» ACTIVITY
Reproduce the closing part of the entries exactly: the line with "this 1200×1800 image." and all lines after it, ending with the last line, and nothing else.

» DATA UNDER STUDY
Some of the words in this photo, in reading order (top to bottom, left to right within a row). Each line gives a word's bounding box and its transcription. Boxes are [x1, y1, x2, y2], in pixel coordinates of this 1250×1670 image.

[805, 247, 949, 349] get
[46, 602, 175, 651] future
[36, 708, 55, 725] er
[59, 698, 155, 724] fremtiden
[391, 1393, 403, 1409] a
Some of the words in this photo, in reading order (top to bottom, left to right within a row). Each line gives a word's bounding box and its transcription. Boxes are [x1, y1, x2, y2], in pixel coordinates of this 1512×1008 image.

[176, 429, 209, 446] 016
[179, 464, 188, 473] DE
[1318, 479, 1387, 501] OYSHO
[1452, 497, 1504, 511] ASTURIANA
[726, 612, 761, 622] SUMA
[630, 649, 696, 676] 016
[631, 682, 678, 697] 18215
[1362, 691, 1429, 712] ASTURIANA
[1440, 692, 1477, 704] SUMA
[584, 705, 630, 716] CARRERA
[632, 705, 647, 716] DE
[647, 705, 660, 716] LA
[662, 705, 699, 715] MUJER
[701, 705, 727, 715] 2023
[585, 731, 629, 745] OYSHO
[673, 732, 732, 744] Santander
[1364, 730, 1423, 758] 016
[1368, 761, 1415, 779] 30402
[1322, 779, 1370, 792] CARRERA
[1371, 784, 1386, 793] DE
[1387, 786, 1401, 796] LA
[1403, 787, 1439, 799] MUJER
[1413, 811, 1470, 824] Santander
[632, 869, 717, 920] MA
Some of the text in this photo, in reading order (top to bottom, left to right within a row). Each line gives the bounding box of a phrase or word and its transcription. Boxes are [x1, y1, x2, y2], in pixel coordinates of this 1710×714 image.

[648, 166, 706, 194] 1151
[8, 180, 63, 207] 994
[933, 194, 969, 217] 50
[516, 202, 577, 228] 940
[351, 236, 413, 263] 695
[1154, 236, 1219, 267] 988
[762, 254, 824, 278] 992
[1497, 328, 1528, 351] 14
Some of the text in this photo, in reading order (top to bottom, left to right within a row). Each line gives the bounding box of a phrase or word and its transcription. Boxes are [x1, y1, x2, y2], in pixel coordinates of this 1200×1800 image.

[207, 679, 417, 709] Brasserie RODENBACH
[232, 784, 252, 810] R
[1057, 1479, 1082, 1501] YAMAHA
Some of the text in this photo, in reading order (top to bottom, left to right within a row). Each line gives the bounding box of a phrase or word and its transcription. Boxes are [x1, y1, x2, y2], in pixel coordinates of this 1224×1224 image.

» TASK ANSWER
Some of the text in this photo, in reading order (top to bottom, left to right within a row). Each line gives the bounding box of a phrase or word and its transcription. Boxes are [x1, y1, x2, y2], in pixel coordinates of this 1200×1800 image.

[207, 679, 417, 709] Brasserie RODENBACH
[232, 784, 252, 810] R
[1057, 1479, 1082, 1501] YAMAHA
Some of the text in this photo, in reading order (top to bottom, left to right within a row). Each line gives the bounding box of a phrase or word and its transcription. Boxes are [x1, y1, x2, y2], in pixel coordinates of this 1224×1224 image.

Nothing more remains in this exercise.